→ **DATA PROVIDED**:
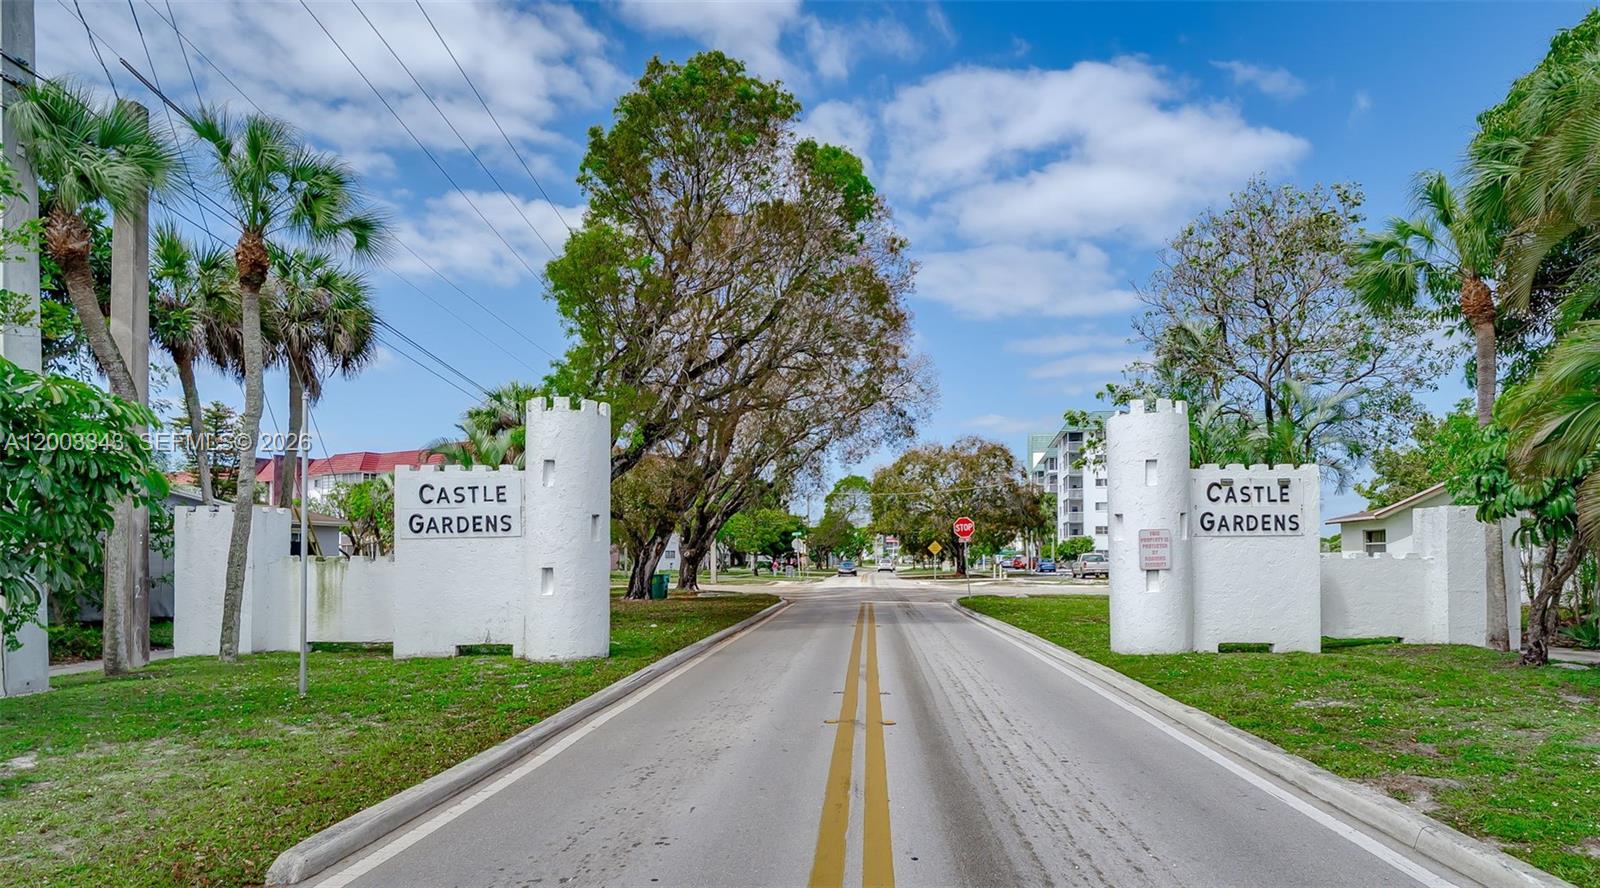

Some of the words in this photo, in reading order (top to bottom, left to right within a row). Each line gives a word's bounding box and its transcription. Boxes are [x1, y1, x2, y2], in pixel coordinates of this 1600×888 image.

[418, 483, 507, 504] CASTLE
[1206, 481, 1290, 503] CASTLE
[408, 513, 512, 534] GARDENS
[955, 522, 973, 532] STOP
[1199, 511, 1300, 532] GARDENS

→ **PROBLEM TO WORK ON**:
I need the entries printed exactly, with each picture left out.

→ **EXERCISE ANSWER**:
Some of the words in this photo, in reading order (top to bottom, left to right within a row). Each line gives a word's bounding box and its transcription. Boxes are [x1, y1, x2, y2], in pixel coordinates of this 1600×888 image.

[418, 483, 507, 504] CASTLE
[1206, 481, 1290, 503] CASTLE
[408, 513, 512, 534] GARDENS
[955, 522, 973, 532] STOP
[1199, 511, 1300, 532] GARDENS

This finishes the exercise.